相続放棄の手続きも、相続放棄の期限延長の手続きも相続人が各個人で準備をして裁判所へ申立をする必要があります。相続人の皆さんがそれぞれ書類を準備すれば、相続人の代表者が他の相続人の申立分を取りまとめて、一緒に家庭裁判所へ提出することは手続き上問題ありません。

相続人の代表者だけが期間伸長の申立てをしたからといって、全員の方の期間伸長が認められるわけではありませんので勘違いしないようご注意ください。あくまでも、申立書は各々のご意思をもって記入し、申し出ることが必要です。

図5:申立ては期間伸長をする相続人各々で行うこと

5.まとめ

相続放棄を決断するまでの「熟慮期間」は、場合により延長することができます。
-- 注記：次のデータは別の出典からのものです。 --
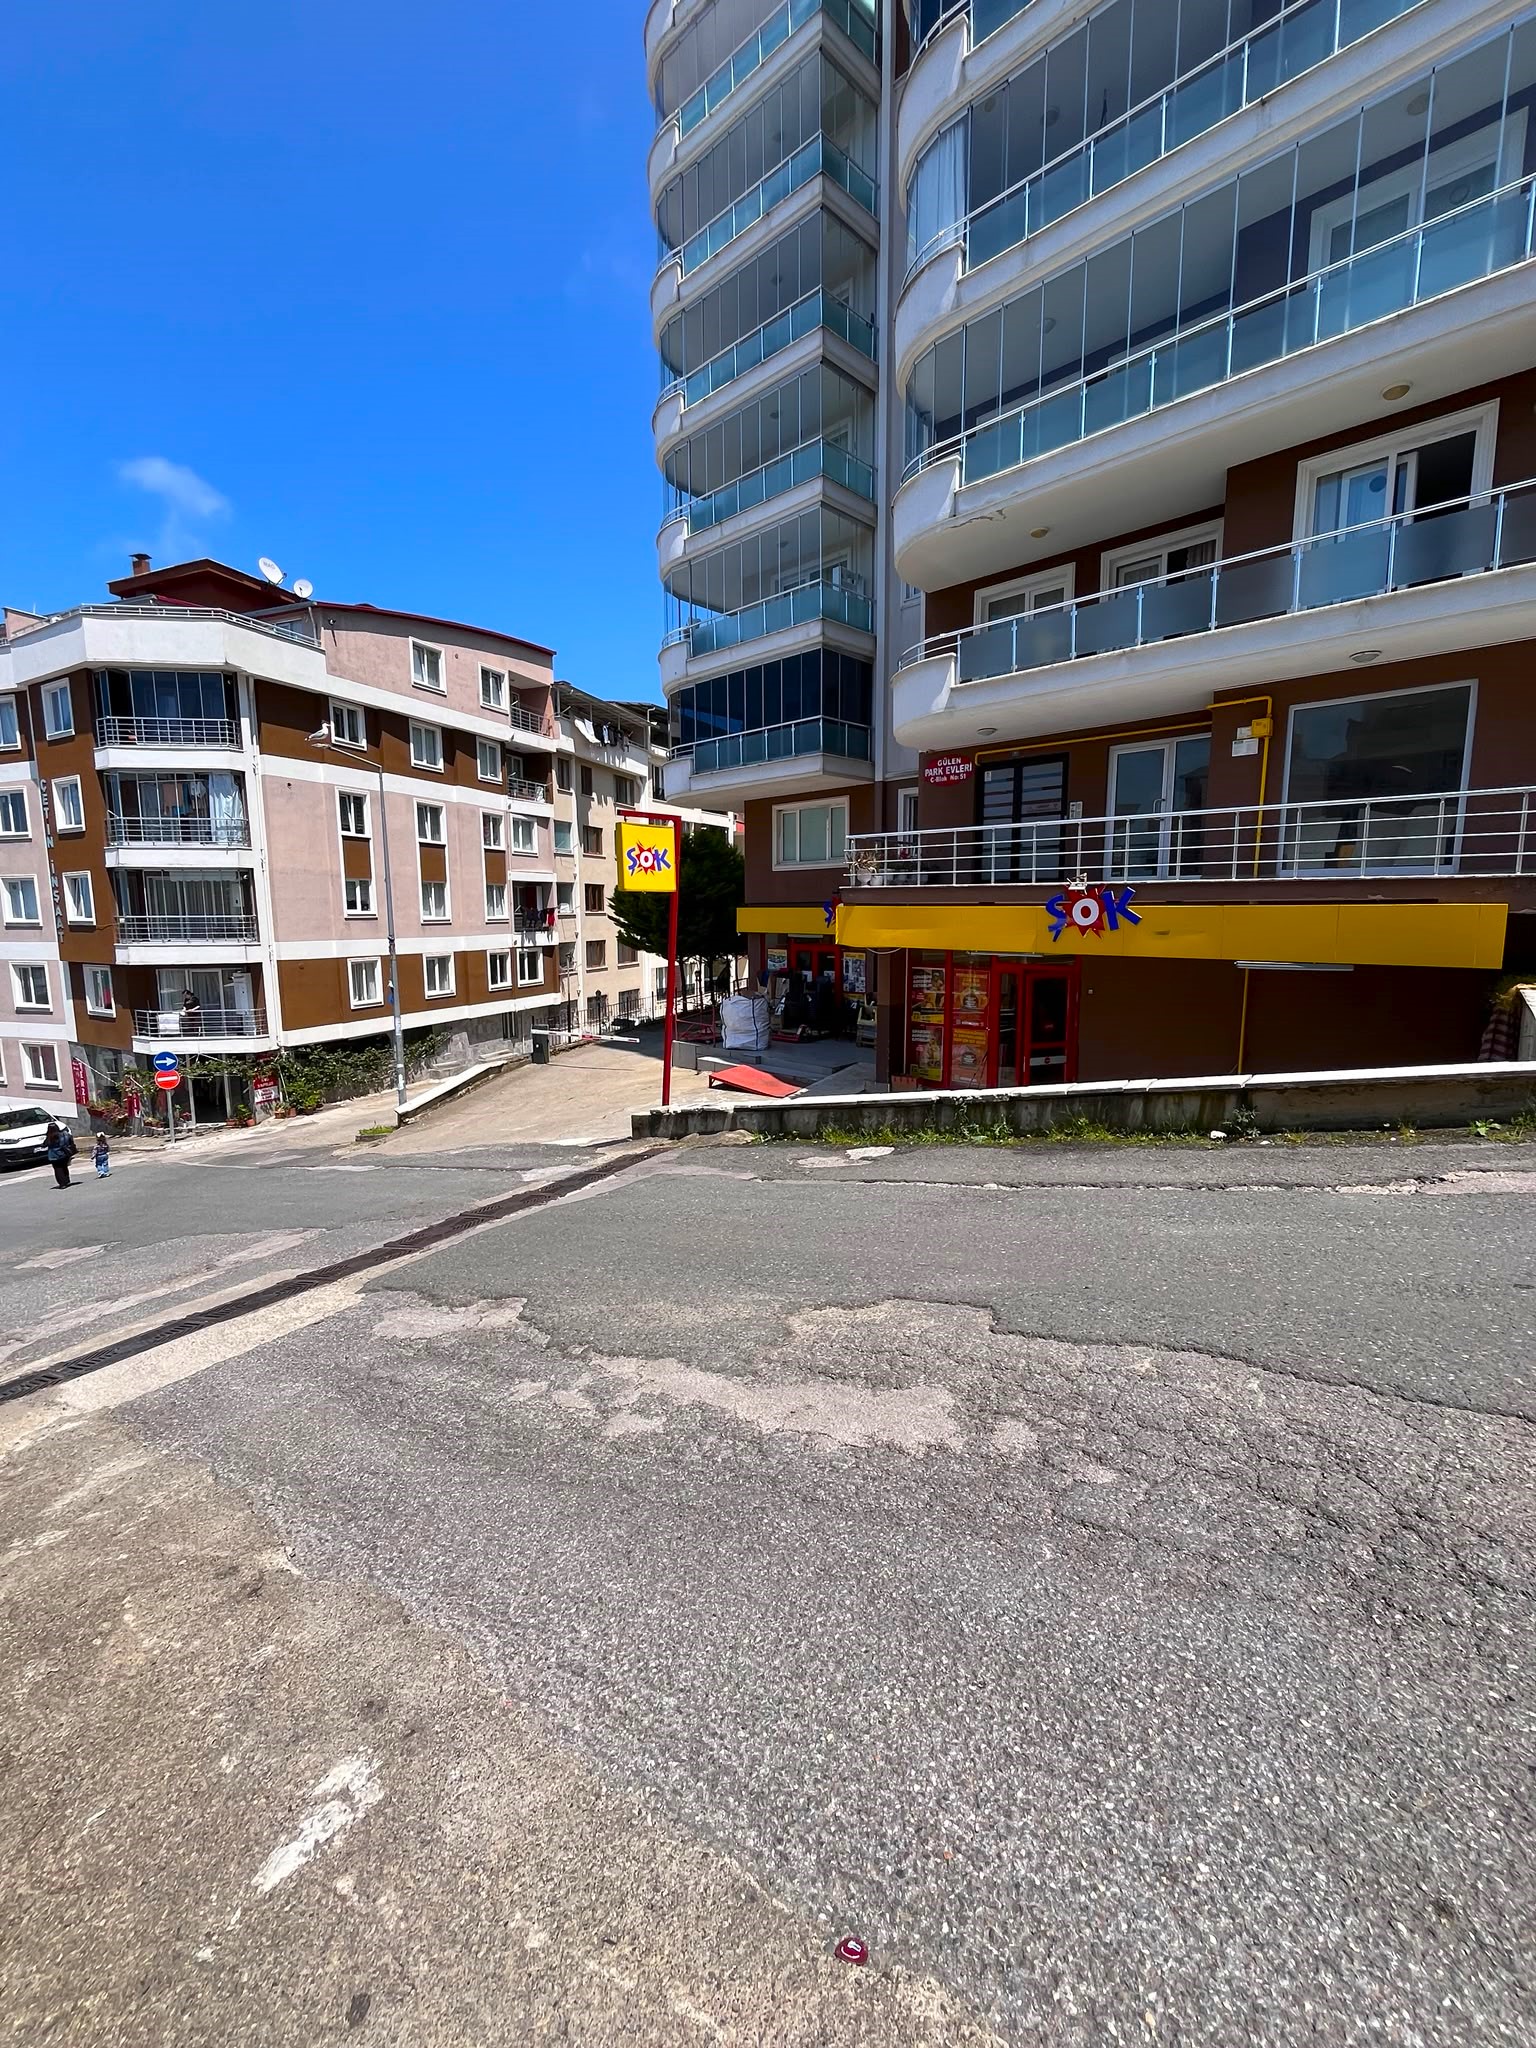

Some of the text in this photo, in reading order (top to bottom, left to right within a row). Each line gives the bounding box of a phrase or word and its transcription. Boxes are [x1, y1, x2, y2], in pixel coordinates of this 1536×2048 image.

[924, 762, 972, 777] PARK EVLERİ
[937, 757, 962, 767] GÜLEN
[627, 847, 672, 877] ŞOK
[1045, 885, 1143, 943] ŞOK
その際は「相続放棄の期間伸長の申立て」の手続きを管轄の家庭裁判所に3か月以内にする必要があります。また、期限延長のためには、延長を希望する相続人がそれぞれ準備をおこないます。

相続放棄の延長が認められるケースはおもに
・借金が多いので相続放棄はしたいが財産の把握が間に合わない
・亡くなられた方の相続人が他にいるが連絡が取れない
・相続放棄の期限後に相続が発生したことを知った
というような場合です。

このような場合には速やかに相続放棄の期間伸長を申立てておきましょう。熟慮期間を延長することで焦らず後悔や誤りのない判断をして頂ければと思います。「相続放棄に必要な書類が間に合わない」という理由では延長できない点は注意しましょう。

最後に、熟慮期間を延長した結果、相続放棄をせずに財産を引き継ぐことを決めた場合には、相続放棄の手続きをしなければ自動的に相続することに決めたという判断となります。